Provided records:
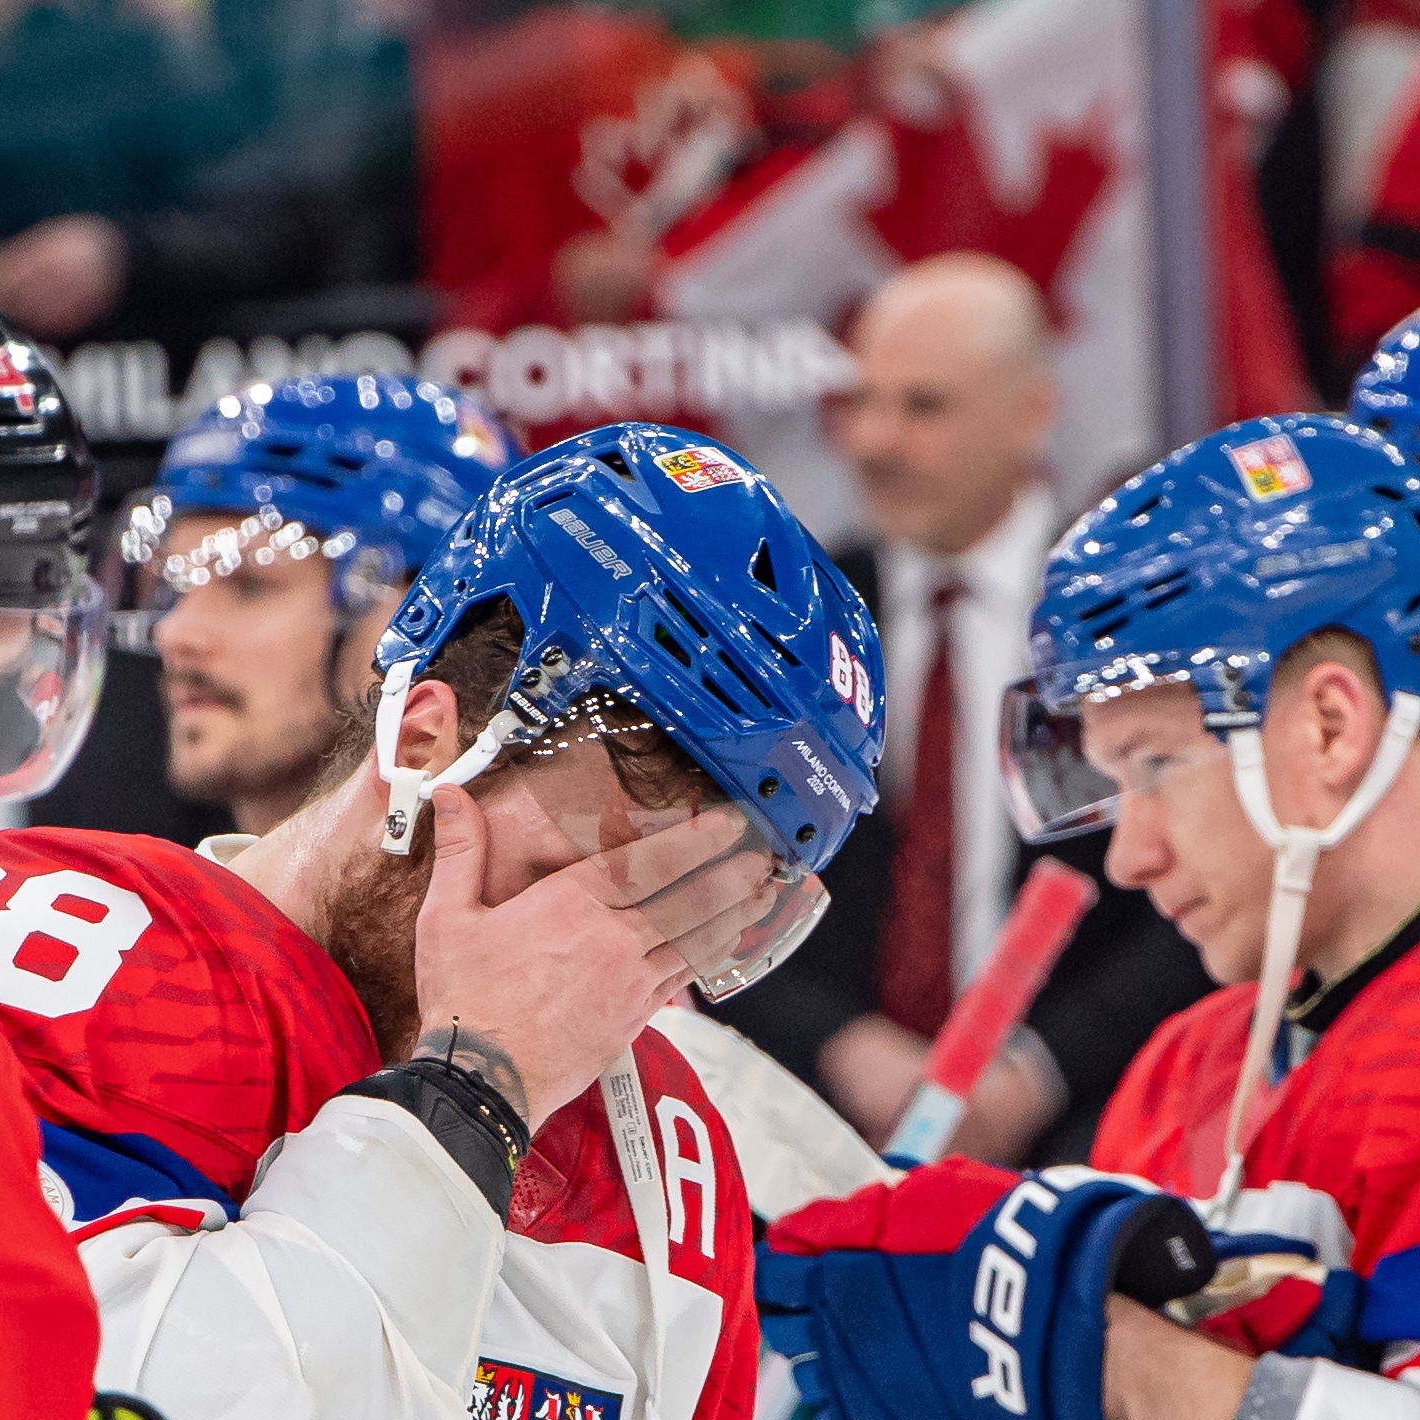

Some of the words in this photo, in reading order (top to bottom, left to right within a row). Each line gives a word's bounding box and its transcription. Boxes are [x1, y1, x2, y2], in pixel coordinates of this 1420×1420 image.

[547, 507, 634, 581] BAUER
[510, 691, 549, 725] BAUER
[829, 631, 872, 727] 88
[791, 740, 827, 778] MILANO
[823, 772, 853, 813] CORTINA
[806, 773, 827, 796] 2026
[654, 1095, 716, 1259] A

Work to be completed: Skip the pictures and transcribe the rest of the records exactly.

Written response:
Some of the words in this photo, in reading order (top to bottom, left to right within a row). Each line gives a word's bounding box and its transcription. Boxes are [x1, y1, x2, y2], in pixel coordinates of this 1420×1420 image.

[547, 507, 634, 581] BAUER
[510, 691, 549, 725] BAUER
[829, 631, 872, 727] 88
[791, 740, 827, 778] MILANO
[823, 772, 853, 813] CORTINA
[806, 773, 827, 796] 2026
[654, 1095, 716, 1259] A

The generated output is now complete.